Segment Start: Records provided

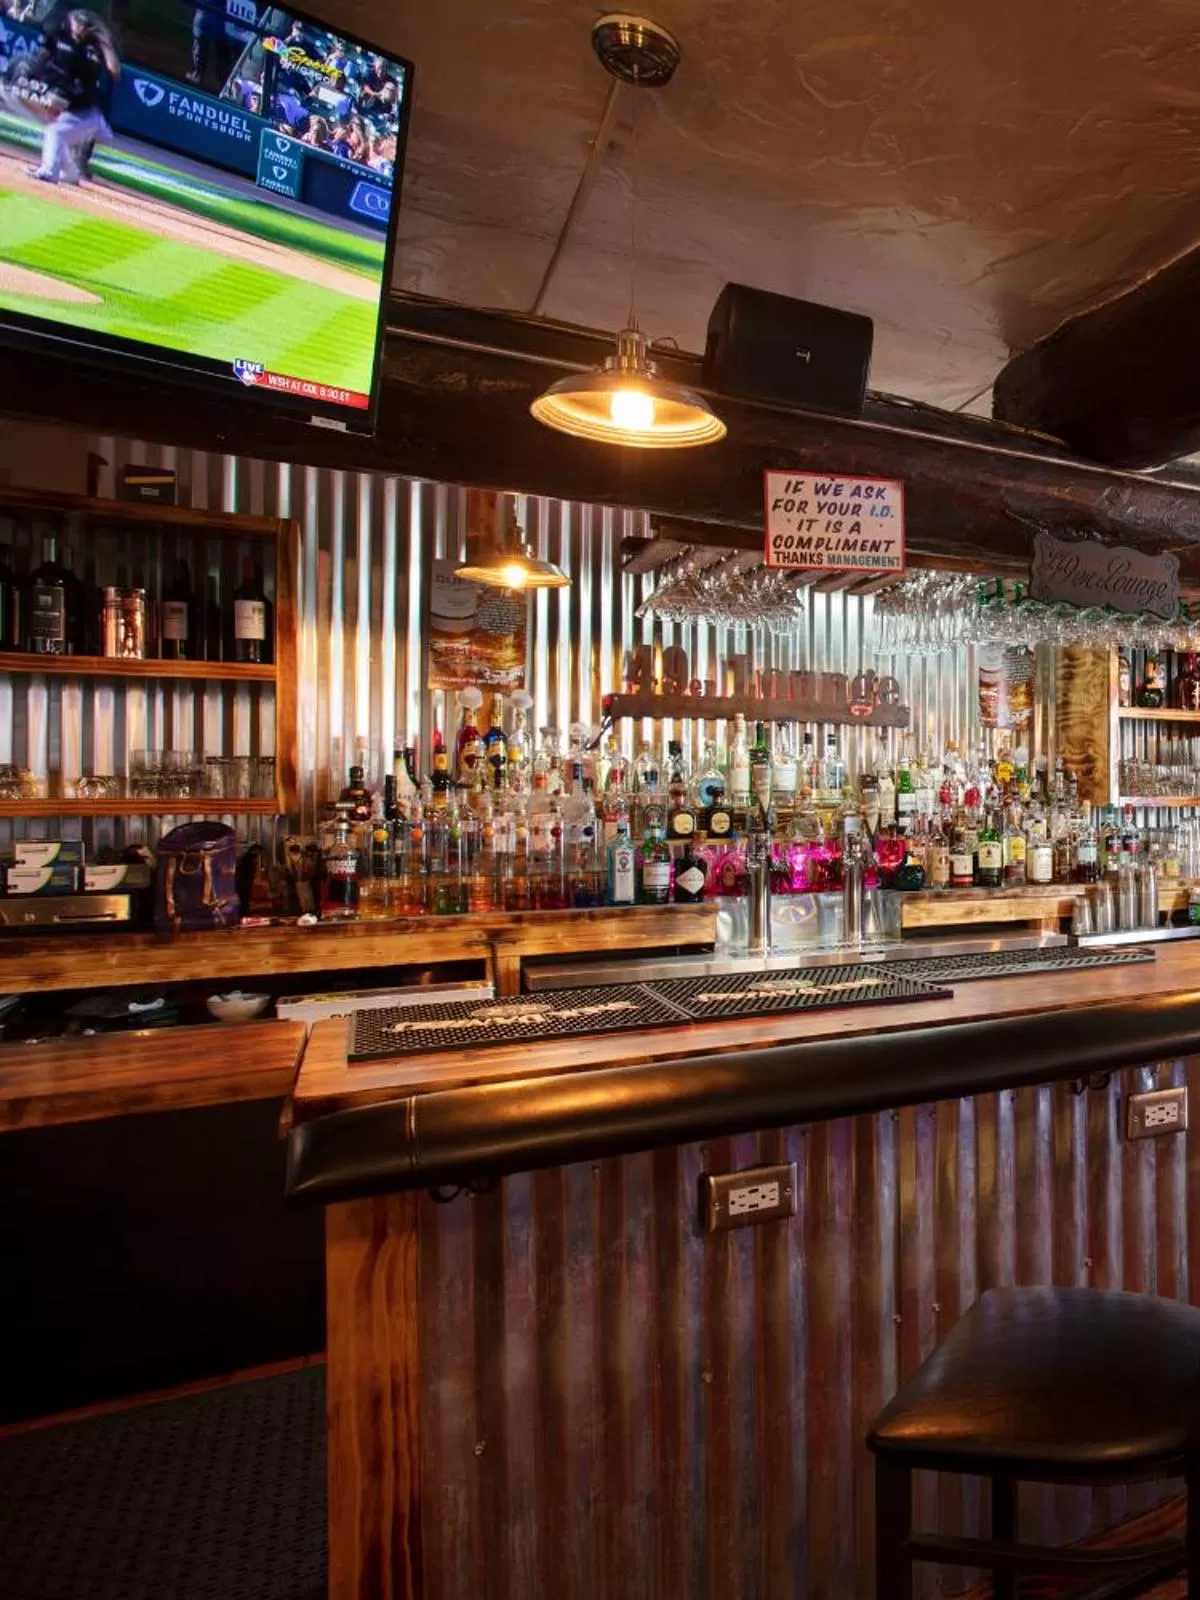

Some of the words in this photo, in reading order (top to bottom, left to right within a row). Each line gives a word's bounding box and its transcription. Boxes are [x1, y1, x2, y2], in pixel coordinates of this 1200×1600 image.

[169, 92, 252, 134] FANDUEL
[169, 105, 252, 142] SPORTSBOOK
[236, 359, 262, 374] LIVE
[268, 375, 289, 388] WSH
[291, 381, 300, 391] AT
[784, 480, 805, 494] IF
[814, 482, 844, 497] WE
[850, 484, 887, 500] ASK
[771, 499, 809, 514] FOR
[816, 501, 862, 517] YOUR
[870, 505, 895, 518] I.D.
[797, 519, 818, 533] IT
[825, 521, 843, 533] IS
[850, 521, 862, 534] A
[772, 534, 896, 553] COMPLIMENT
[774, 551, 823, 564] THANKS
[826, 554, 901, 567] MANAGEMENT
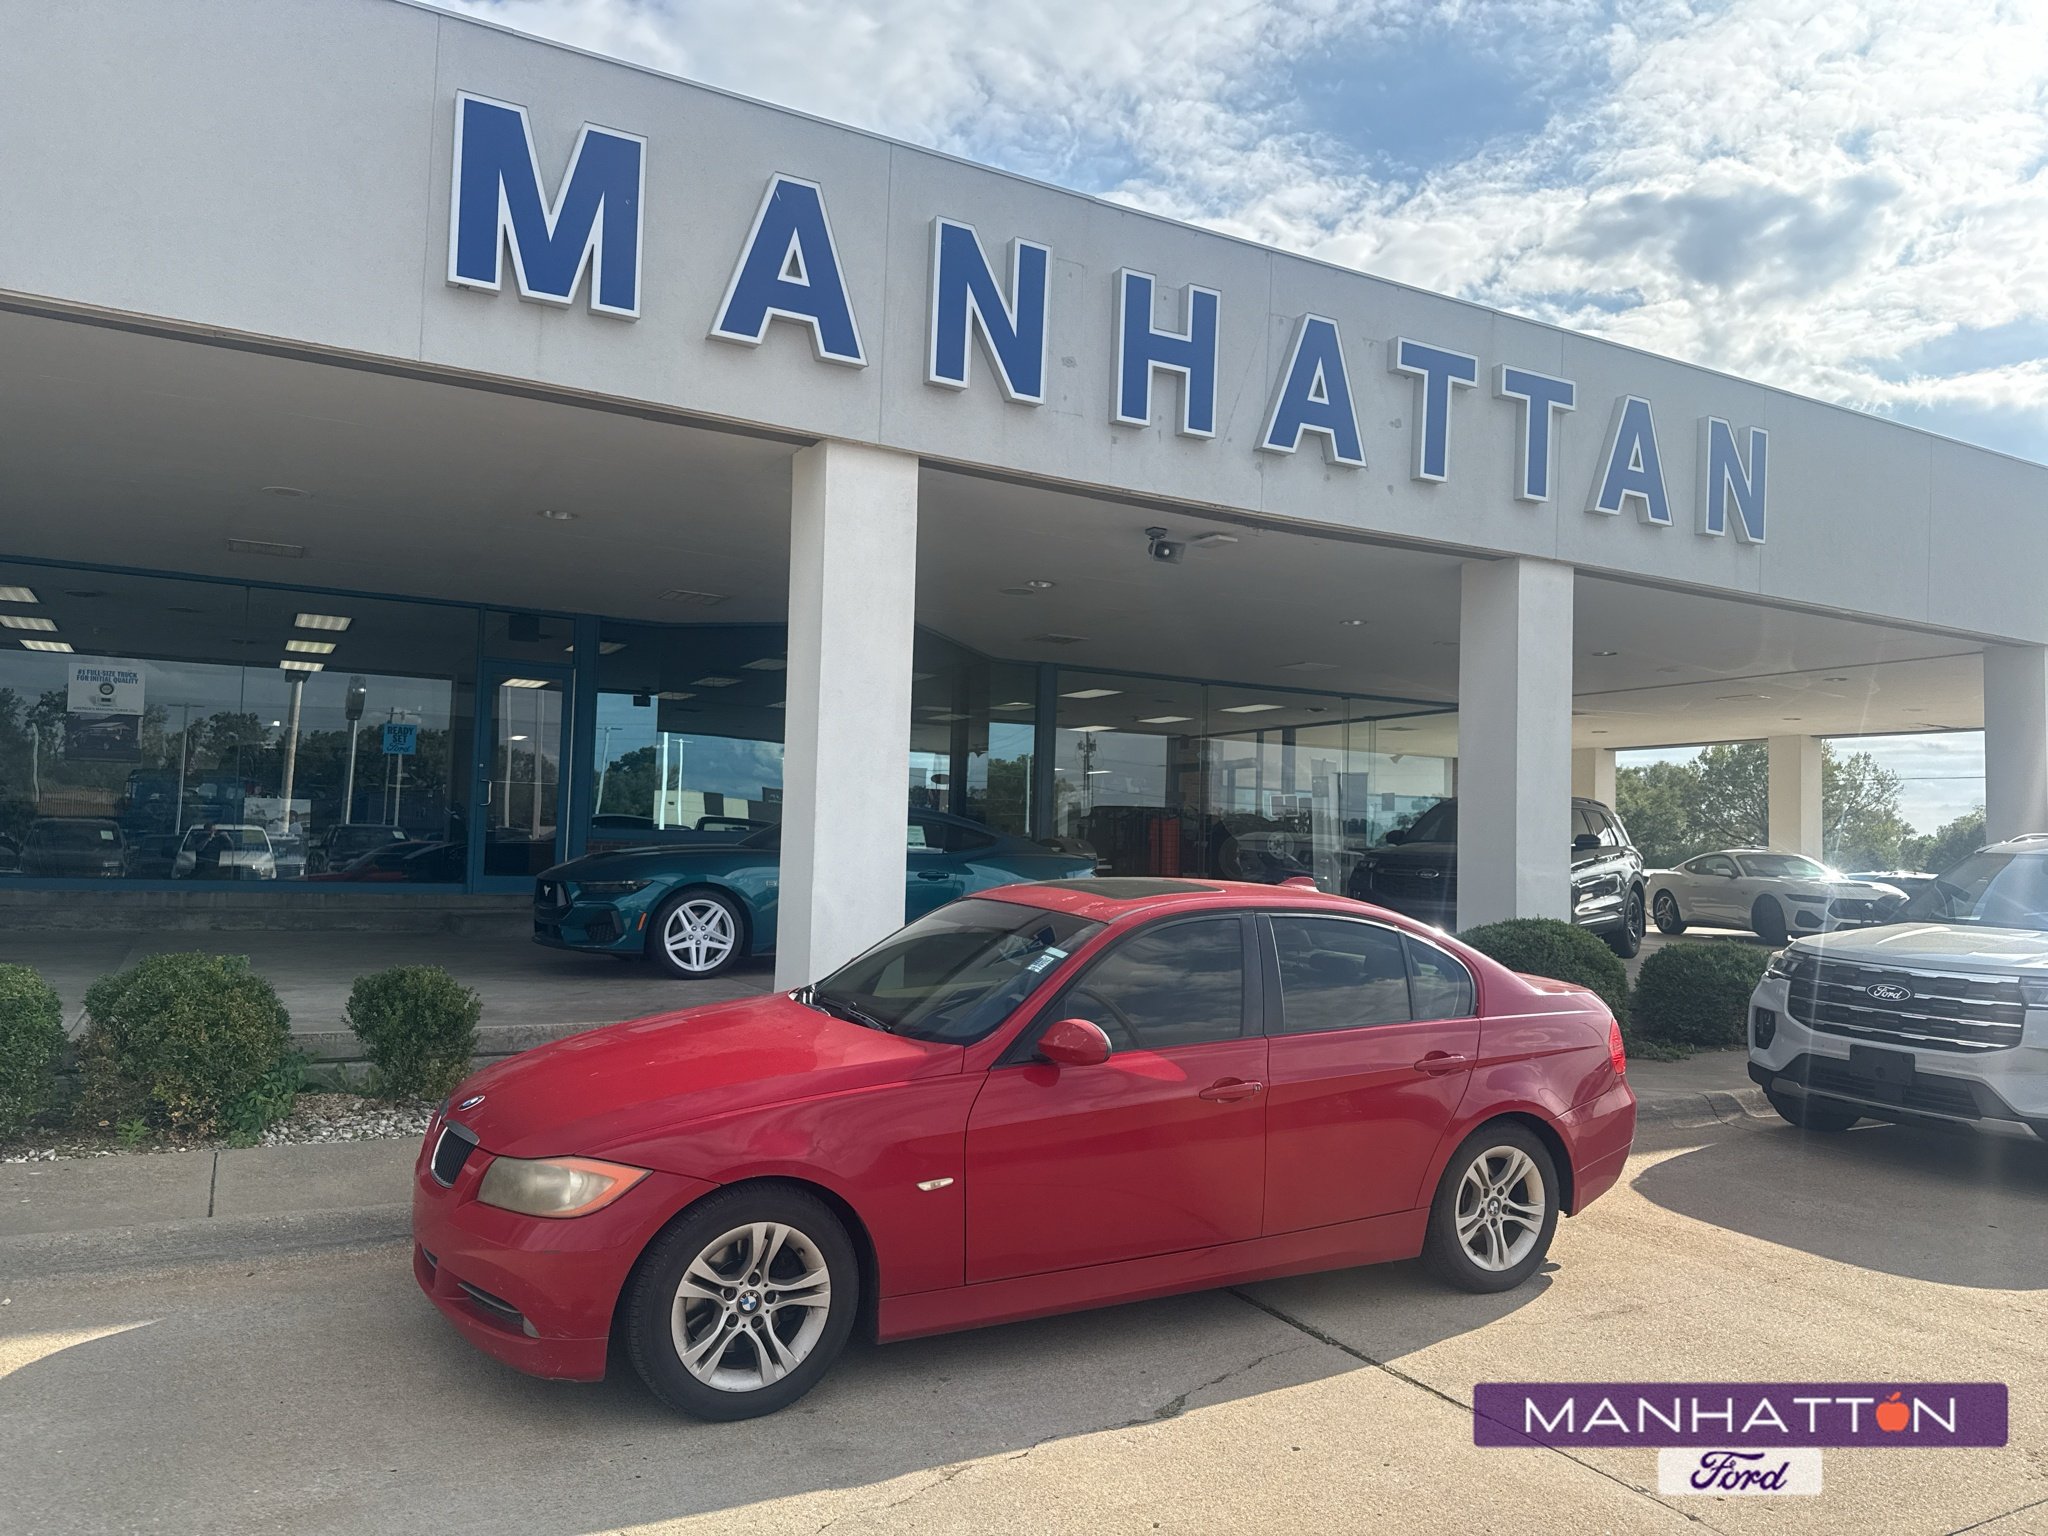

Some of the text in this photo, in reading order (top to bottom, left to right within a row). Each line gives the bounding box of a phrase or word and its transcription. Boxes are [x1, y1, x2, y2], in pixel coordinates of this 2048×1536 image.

[449, 91, 1768, 543] MANHATTAN
[387, 726, 414, 735] READY
[392, 735, 407, 743] SET
[386, 743, 412, 752] Ford
[1873, 986, 1903, 999] Ford

Segment End: Records provided

Work instructions:
Write out the records above exactly. Pictures do not belong in the copy.

Output for this exercise:
Some of the words in this photo, in reading order (top to bottom, left to right within a row). Each line gives a word's bounding box and its transcription. Boxes are [x1, y1, x2, y2], in pixel coordinates of this 1200×1600 image.

[169, 92, 252, 134] FANDUEL
[169, 105, 252, 142] SPORTSBOOK
[236, 359, 262, 374] LIVE
[268, 375, 289, 388] WSH
[291, 381, 300, 391] AT
[784, 480, 805, 494] IF
[814, 482, 844, 497] WE
[850, 484, 887, 500] ASK
[771, 499, 809, 514] FOR
[816, 501, 862, 517] YOUR
[870, 505, 895, 518] I.D.
[797, 519, 818, 533] IT
[825, 521, 843, 533] IS
[850, 521, 862, 534] A
[772, 534, 896, 553] COMPLIMENT
[774, 551, 823, 564] THANKS
[826, 554, 901, 567] MANAGEMENT

Some of the text in this photo, in reading order (top to bottom, left to right within a row). Each line gives the bounding box of a phrase or word and its transcription. Boxes are [x1, y1, x2, y2], in pixel coordinates of this 2048×1536 image.

[449, 91, 1768, 543] MANHATTAN
[387, 726, 414, 735] READY
[392, 735, 407, 743] SET
[386, 743, 412, 752] Ford
[1873, 986, 1903, 999] Ford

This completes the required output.